Activity ▸
Each entry is to be reproduced verbatim, and images are to be omitted.

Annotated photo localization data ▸
§

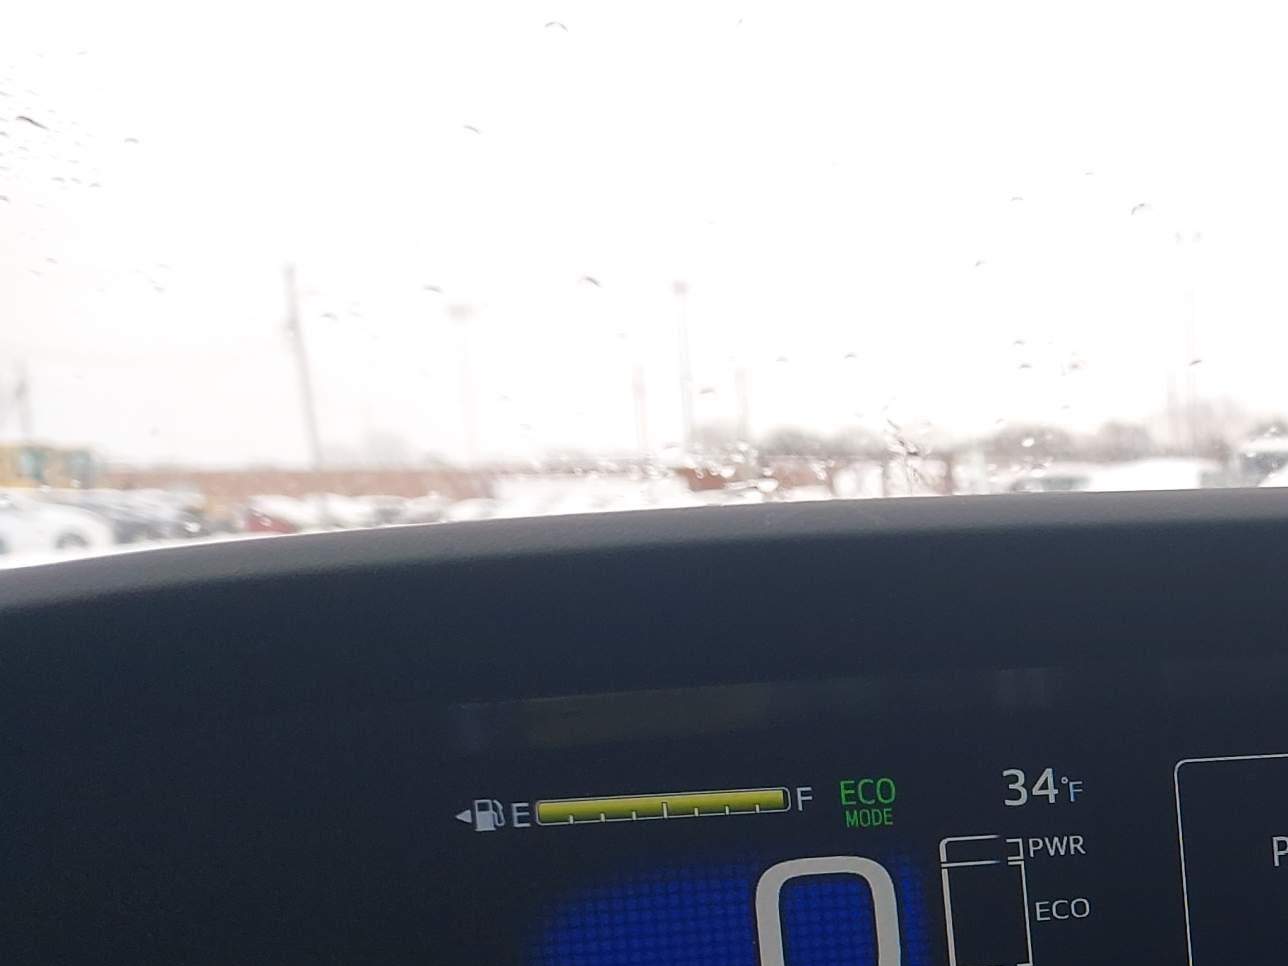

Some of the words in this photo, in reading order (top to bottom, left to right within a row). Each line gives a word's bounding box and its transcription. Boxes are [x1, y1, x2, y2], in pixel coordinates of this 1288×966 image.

[797, 787, 813, 811] F
[840, 778, 895, 804] ECO
[512, 803, 531, 828] E
[844, 808, 895, 827] MODE
[1029, 836, 1086, 857] PWR
[1036, 898, 1089, 921] ECO

§

Answer section ▸
Some of the words in this photo, in reading order (top to bottom, left to right within a row). Each line gives a word's bounding box and its transcription. Boxes are [x1, y1, x2, y2], in pixel coordinates of this 1288×966 image.

[797, 787, 813, 811] F
[840, 778, 895, 804] ECO
[512, 803, 531, 828] E
[844, 808, 895, 827] MODE
[1029, 836, 1086, 857] PWR
[1036, 898, 1089, 921] ECO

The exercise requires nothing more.